It depends on the 'object' you are trying to identify inside noise.

If your hidden object is a function, then you have two strategies to resolve the problem:

1)You adopt a proper model and do regression and statistical tests for the results

2)You use methods that do not imply any kind of known functional form, but instead of it they use the definition of the hidden property (for example: the inflection point).

These methods are divided again in two distinct disciplines:

i. those that are based on a proper orthogonal projection

ii. those that are based on geometrical aspects and build consistent estimators of them.

An example of identifying the inflection point by using strategy 2)ii. you can find here:

https://www.researchgate.net/publication/229066111_A_simple_and_numerical_stable_algorithm_for_solving_the_cone_projectionproblem_based_on_a_Gram-Schmidt_process?ev=prf_pub

Perhaps you should be more specific: what exactly do you want to identify?

Article A simple and numerical stable algorithm for solving the cone...

Thank you Demetris,

I agree, there are algorithms for finding objects using known properties; and there are algorithms for determining properties of known objects. It seems your 2ii is of the second type. Would it be able to find an inflection point if you do not know where is the line?

By the mentioned 2ii methods it is possible now to find two consistent estimators of the inflection point by using only the (xi,yi) data available from laboratory. If the inflection point does not exist (because data is strictly convex or concave for example), the methods will estimate the upper or lower edge of the xi-interval. Otherwise, they will give you at the worst case scenario an interval where this point exists. For the best case they will give you two intervals including it.

When you are asking about the line, do you mean that you are not able to pick-up the appropriate (xi,yi) data set?
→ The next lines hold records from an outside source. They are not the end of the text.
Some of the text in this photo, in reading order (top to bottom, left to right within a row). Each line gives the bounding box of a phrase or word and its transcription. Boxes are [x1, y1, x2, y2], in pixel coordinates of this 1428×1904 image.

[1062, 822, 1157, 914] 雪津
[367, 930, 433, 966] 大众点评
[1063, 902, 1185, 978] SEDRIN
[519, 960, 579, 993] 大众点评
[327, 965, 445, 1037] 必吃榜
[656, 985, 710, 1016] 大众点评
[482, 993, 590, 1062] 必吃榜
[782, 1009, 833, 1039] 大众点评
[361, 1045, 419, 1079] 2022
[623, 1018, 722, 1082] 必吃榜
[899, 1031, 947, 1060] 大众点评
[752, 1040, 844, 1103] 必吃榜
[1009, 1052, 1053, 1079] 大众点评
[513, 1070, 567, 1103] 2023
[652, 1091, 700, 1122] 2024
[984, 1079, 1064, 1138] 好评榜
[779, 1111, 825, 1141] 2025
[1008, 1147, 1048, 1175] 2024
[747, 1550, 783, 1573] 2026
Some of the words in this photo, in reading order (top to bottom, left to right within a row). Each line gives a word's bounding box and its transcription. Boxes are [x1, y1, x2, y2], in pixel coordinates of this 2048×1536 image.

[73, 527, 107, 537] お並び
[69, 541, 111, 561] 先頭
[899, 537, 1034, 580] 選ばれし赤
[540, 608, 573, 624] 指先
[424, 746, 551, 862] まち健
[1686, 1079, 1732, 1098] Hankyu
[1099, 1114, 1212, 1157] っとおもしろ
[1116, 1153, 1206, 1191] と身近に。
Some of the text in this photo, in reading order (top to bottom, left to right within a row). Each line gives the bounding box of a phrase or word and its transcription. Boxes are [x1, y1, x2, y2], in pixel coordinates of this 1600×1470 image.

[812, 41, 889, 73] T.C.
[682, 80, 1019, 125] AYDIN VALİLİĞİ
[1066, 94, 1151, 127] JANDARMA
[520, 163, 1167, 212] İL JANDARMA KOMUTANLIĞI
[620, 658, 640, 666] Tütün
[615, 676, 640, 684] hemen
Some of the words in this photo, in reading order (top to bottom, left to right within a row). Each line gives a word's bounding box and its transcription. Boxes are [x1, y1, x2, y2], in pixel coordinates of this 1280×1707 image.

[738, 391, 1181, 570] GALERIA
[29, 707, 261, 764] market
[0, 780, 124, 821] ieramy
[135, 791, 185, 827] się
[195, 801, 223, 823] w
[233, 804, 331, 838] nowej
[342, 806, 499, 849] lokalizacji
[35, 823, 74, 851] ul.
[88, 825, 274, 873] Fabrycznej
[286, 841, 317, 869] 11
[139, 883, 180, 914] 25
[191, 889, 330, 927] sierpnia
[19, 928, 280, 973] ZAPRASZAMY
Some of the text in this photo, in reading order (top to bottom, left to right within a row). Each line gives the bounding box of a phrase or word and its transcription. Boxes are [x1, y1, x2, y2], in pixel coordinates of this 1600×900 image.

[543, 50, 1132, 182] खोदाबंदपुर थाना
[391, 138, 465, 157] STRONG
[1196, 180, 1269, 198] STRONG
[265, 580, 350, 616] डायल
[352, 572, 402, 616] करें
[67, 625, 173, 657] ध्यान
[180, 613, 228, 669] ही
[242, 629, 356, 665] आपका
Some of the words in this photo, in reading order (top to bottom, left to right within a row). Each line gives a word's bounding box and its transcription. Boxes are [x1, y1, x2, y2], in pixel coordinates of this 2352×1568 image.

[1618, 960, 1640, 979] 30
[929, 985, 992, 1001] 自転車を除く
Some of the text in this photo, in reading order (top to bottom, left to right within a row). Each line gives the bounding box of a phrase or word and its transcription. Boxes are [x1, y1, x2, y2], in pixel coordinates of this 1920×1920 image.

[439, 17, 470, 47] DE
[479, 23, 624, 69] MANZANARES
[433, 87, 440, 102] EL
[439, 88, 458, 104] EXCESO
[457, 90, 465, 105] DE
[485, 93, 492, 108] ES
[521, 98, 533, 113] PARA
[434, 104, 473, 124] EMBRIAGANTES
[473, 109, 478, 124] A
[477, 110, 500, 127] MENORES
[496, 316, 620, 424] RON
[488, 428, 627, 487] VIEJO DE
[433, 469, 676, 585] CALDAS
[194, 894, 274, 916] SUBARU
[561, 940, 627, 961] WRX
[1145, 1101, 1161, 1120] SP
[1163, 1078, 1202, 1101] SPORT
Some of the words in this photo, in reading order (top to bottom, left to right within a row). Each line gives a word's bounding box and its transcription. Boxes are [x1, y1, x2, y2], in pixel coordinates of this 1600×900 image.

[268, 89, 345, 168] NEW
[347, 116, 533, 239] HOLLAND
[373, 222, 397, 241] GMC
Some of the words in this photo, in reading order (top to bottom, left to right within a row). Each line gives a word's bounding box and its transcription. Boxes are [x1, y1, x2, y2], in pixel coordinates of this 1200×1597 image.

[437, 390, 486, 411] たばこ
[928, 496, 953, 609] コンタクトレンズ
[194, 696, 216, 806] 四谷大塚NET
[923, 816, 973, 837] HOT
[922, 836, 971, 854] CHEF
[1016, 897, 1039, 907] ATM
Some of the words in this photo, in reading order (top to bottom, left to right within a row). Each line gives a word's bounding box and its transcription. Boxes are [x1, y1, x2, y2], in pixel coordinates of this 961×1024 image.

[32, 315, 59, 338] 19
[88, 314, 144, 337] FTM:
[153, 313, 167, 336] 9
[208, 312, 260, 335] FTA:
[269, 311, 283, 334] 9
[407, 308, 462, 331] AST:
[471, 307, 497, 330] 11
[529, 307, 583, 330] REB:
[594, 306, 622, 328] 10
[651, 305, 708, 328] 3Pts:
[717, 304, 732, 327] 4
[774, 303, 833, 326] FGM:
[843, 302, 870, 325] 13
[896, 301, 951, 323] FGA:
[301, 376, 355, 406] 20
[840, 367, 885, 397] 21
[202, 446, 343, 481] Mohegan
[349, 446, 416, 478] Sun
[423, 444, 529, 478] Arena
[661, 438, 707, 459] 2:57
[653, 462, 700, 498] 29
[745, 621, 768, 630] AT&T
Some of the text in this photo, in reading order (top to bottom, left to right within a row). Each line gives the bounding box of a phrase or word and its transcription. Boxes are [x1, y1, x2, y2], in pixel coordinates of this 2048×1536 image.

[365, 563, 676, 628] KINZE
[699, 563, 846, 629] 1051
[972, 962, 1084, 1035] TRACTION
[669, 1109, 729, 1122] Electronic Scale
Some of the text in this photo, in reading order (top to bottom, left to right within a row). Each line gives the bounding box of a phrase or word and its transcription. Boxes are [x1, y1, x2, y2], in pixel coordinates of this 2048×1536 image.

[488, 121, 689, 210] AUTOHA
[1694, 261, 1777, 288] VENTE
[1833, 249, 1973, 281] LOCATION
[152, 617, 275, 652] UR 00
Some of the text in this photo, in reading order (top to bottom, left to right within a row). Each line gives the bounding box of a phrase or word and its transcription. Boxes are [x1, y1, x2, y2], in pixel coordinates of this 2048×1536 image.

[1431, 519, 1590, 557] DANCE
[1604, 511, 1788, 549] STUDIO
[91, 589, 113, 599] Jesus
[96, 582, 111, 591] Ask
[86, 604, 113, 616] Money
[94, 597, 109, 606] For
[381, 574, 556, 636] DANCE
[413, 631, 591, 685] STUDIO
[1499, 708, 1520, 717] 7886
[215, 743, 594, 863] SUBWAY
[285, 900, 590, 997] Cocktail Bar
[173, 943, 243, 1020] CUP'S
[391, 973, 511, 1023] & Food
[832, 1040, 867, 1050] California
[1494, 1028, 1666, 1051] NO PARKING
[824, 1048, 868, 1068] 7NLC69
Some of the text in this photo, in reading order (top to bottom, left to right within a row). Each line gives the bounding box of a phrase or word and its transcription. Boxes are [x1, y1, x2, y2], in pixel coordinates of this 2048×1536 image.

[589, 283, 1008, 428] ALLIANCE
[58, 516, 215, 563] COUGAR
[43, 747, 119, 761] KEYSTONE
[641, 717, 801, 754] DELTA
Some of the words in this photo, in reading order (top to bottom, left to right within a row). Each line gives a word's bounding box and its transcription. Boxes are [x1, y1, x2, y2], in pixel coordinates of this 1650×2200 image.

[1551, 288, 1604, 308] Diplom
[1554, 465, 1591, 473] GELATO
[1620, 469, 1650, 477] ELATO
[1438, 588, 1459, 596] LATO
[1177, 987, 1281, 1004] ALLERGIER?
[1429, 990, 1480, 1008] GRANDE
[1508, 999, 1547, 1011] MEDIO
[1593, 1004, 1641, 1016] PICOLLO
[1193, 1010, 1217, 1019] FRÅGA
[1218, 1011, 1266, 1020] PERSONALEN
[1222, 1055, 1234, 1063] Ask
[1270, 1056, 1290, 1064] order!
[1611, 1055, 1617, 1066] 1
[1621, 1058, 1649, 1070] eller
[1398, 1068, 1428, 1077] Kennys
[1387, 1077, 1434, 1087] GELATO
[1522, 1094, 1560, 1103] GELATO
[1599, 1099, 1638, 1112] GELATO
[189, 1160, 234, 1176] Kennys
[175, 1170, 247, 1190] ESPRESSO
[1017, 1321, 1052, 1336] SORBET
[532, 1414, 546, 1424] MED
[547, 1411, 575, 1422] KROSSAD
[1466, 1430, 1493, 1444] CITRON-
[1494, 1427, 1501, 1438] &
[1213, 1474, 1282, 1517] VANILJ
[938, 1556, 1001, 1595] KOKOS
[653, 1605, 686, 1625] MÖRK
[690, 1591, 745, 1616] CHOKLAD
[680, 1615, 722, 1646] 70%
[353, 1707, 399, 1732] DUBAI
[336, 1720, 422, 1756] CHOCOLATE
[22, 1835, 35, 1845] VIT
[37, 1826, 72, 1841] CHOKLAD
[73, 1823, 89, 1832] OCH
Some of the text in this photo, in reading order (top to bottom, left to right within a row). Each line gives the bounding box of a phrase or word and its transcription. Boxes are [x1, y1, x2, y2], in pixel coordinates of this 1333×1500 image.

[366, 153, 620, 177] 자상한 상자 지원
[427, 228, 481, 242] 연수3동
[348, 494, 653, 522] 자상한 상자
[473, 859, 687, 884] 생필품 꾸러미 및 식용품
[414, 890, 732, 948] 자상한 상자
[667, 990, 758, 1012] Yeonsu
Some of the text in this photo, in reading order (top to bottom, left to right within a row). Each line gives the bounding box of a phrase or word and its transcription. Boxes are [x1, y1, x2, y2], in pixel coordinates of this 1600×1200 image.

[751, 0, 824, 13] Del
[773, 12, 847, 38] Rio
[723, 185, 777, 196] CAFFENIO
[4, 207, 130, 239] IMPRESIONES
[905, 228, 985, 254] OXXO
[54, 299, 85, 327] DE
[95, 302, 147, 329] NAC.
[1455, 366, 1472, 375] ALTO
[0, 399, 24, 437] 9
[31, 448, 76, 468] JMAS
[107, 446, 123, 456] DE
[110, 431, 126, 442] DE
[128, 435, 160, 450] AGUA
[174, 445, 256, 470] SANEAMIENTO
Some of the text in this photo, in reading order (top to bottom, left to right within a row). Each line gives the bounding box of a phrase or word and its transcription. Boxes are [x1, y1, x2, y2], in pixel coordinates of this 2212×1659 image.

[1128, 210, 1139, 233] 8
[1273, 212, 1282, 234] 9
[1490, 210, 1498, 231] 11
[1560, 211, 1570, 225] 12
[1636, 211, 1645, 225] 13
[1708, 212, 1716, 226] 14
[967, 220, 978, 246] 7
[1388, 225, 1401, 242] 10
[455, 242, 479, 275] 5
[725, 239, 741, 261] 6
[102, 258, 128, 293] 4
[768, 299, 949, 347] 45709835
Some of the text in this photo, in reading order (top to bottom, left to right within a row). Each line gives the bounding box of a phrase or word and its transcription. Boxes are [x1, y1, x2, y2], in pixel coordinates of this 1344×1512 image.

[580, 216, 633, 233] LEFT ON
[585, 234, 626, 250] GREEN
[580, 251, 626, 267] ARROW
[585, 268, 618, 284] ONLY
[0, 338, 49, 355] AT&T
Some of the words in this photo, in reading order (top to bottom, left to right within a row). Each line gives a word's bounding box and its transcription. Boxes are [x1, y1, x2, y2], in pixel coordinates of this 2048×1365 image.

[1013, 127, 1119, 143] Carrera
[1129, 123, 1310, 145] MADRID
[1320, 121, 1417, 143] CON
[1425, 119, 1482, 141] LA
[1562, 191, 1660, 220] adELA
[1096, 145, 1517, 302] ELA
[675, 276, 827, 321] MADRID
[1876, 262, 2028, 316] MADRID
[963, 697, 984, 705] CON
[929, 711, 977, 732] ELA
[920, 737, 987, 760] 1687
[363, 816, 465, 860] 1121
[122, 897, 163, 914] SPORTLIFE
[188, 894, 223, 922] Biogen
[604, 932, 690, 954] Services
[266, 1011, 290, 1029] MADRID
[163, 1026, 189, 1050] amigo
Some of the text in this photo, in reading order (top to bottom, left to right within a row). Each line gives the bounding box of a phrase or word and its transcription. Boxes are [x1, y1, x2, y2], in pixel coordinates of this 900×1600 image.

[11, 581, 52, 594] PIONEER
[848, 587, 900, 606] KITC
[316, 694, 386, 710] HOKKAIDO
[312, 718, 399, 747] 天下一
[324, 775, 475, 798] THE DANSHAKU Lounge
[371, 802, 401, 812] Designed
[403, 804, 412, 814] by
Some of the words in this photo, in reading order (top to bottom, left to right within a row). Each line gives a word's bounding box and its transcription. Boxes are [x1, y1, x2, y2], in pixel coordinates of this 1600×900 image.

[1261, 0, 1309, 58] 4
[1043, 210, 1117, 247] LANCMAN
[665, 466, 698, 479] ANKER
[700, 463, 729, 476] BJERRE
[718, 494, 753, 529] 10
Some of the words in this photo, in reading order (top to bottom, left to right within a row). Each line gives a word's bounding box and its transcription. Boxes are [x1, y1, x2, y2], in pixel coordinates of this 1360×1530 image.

Can you give me an example?

Thank you Demetris,

This is exactly the reason for the difficulty: data in 2D cover all (xi,yi) and the line points are not brighter than noise points. Most existing algorithms require considering many possibilities, leading to exponential complexity. Two examples are in

Perlovsky, L.I. & Ilin, R. (2012). Mathematical Model of Grounded Symbols: Perceptual Symbol System. Journal of Behavioral and Brain Science, 2, 195-220; doi:10.4236/jbbs.2012.22024; http://www.scirp.org/journal/jbbs/

more examples are in

Perlovsky, L.I., Deming R.W., & Ilin, R. (2011). Emotional Cognitive Neural Algorithms with Engineering Applications. Dynamic Logic: from vague to crisp. Springer, Heidelberg, Germany.

And I would always like to find out about other approaches.

I understood. My point to your research can be probably a very fast sub-algorithm for the recognition of sigmoid or convex/concave patterns inside the 2-D chaos.

And one more suggestion: in order to scan properly the 2-D area of interest it is necessary to define a proper norm of 'order', perhaps a measure of entropy or something else. Then when you are scanning by your software algorithm you can fix the areas with 'smiles" for example. Finally you can adopt any algorithm like the above 2ii or other, in order to identify the hidden object. Good luck!

One interesting strategy will be analyzing the signal’s moments. Even if the target has the same mean that the clutter, it’s possible to distinguish them by analyzing the statistical variations. For example, two range cells may have the same mean but completely difference variances.